Data START

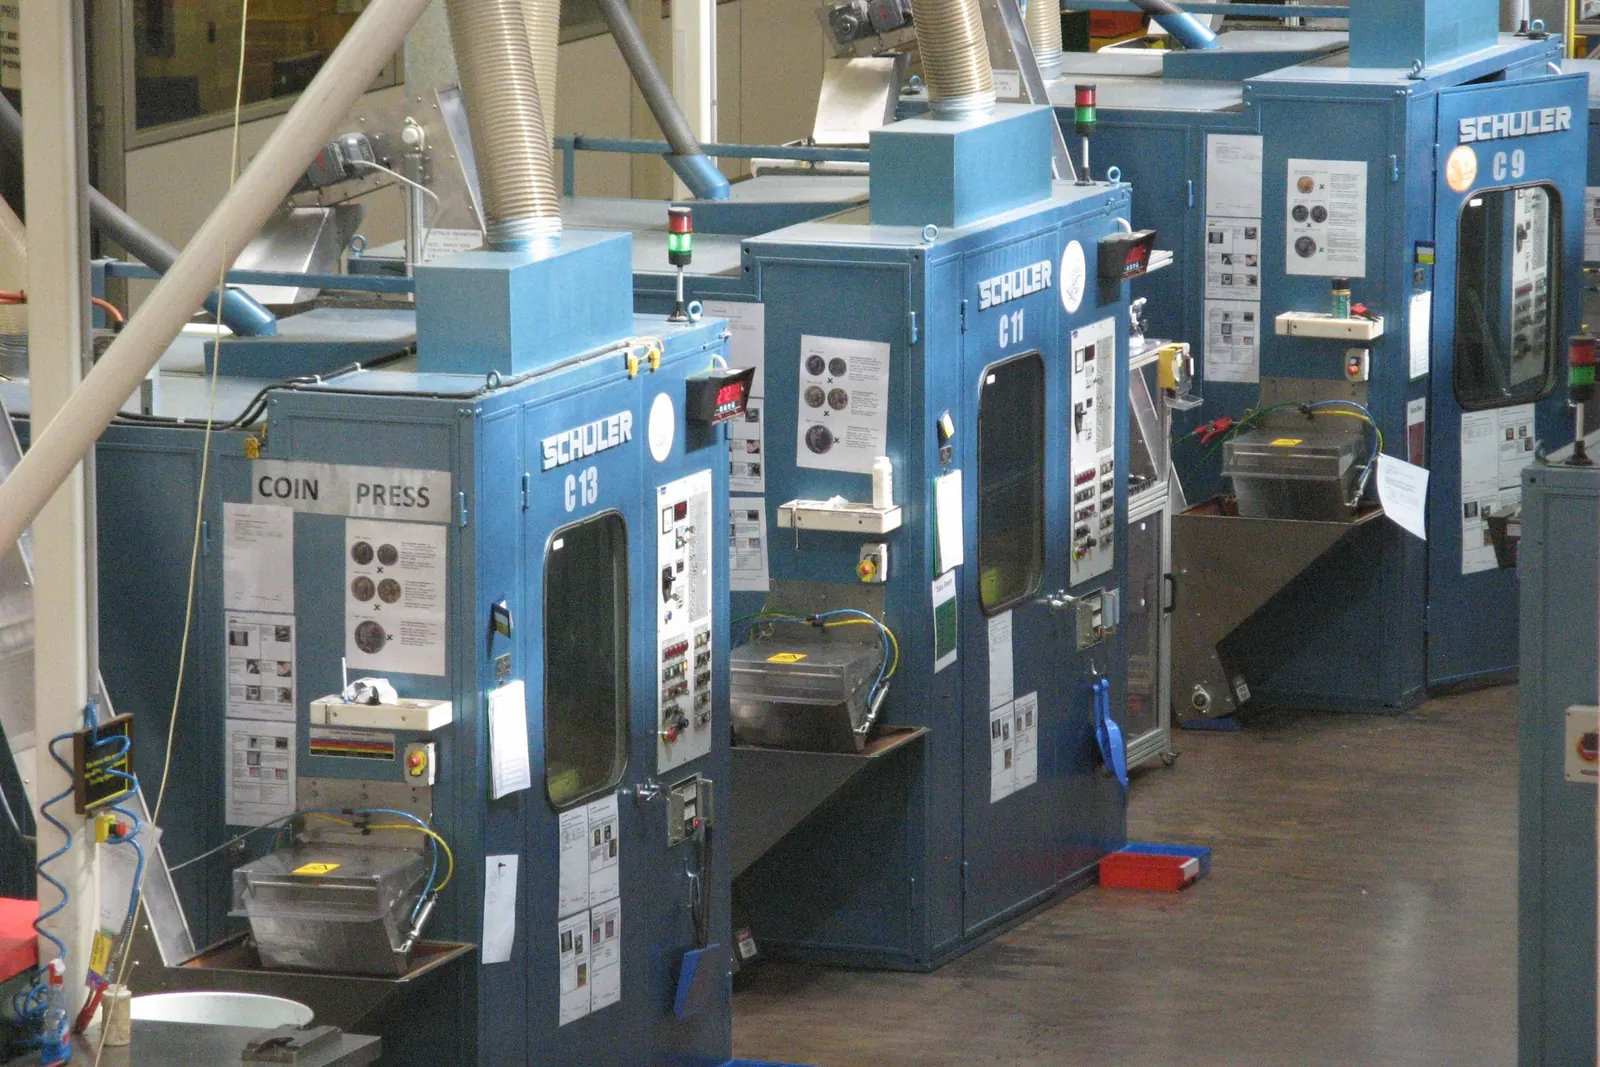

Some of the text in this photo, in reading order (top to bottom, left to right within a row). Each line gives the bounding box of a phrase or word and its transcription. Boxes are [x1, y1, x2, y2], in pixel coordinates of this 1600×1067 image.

[1460, 106, 1571, 143] SCHULER
[1493, 149, 1525, 181] C 9
[978, 260, 1052, 310] SCHULER
[999, 308, 1024, 348] C 11
[542, 410, 633, 470] SCHULER
[258, 475, 431, 508] COIN PRESS
[565, 466, 598, 512] C 13
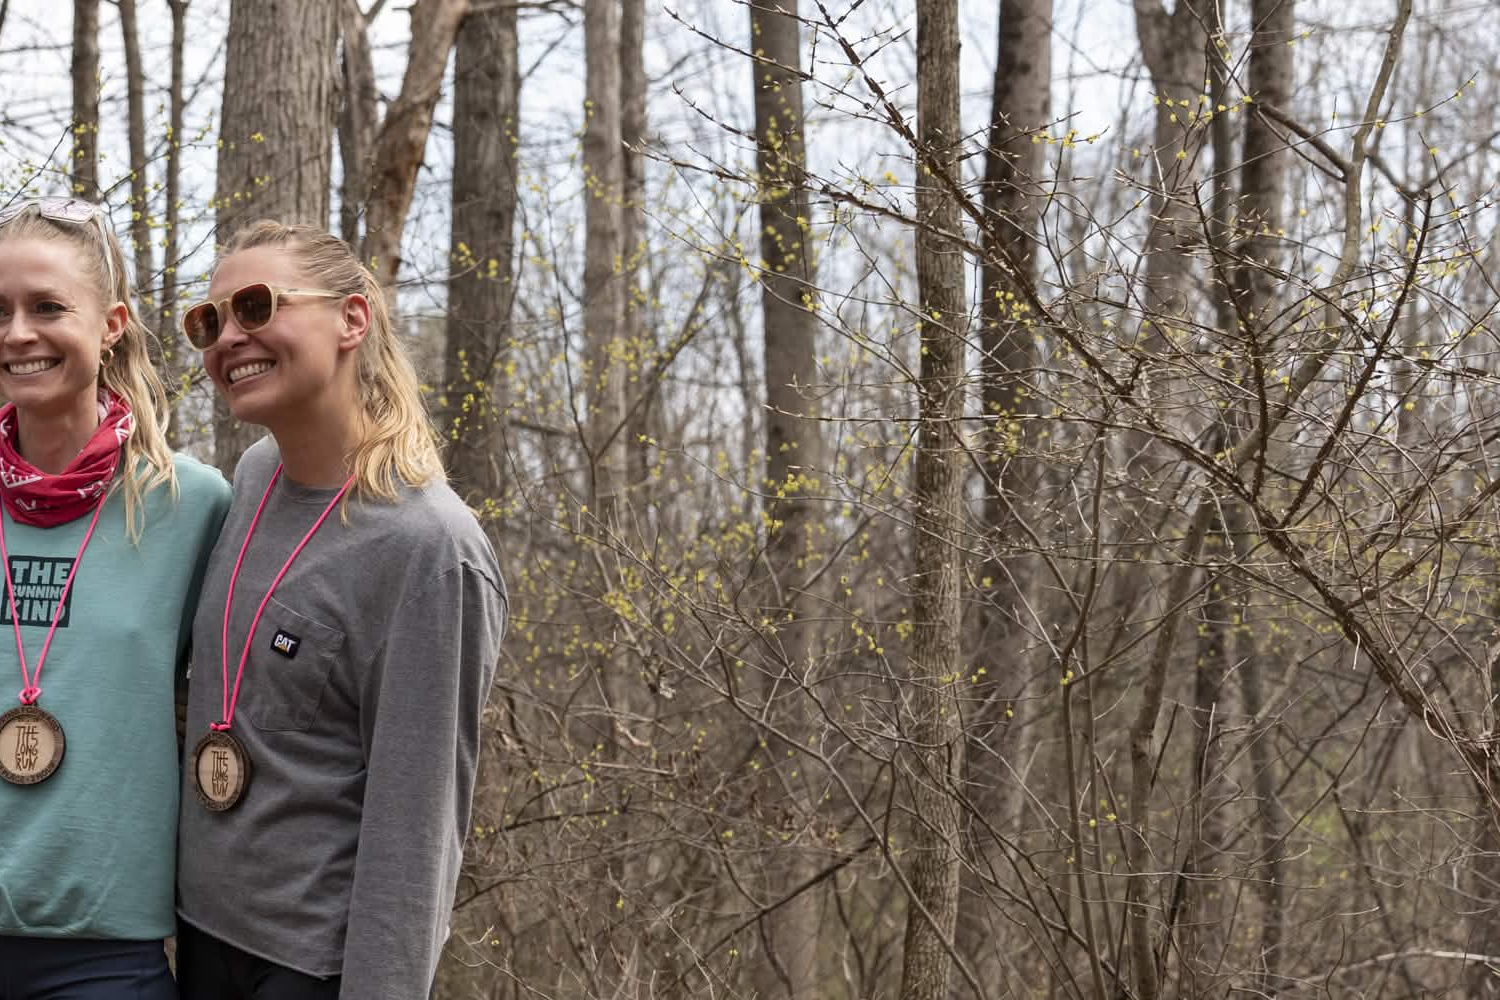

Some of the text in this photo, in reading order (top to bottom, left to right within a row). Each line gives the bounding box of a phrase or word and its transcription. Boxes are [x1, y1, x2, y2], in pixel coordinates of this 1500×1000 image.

Data END

[Task item]: Give the records again exactly, pictures left out.

[Task answer]:
Some of the text in this photo, in reading order (top to bottom, left to right within a row). Each line gives the bounding box of a phrase or word and its transcription. Boxes are [x1, y1, x2, y2], in pixel coordinates of this 1600×1067 image.

[1460, 106, 1571, 143] SCHULER
[1493, 149, 1525, 181] C 9
[978, 260, 1052, 310] SCHULER
[999, 308, 1024, 348] C 11
[542, 410, 633, 470] SCHULER
[258, 475, 431, 508] COIN PRESS
[565, 466, 598, 512] C 13

Some of the text in this photo, in reading order (top to bottom, left to right within a row). Each line gives the bounding box of a phrase or word and its transcription. Boxes are [x1, y1, x2, y2], in pixel coordinates of this 1500×1000 image.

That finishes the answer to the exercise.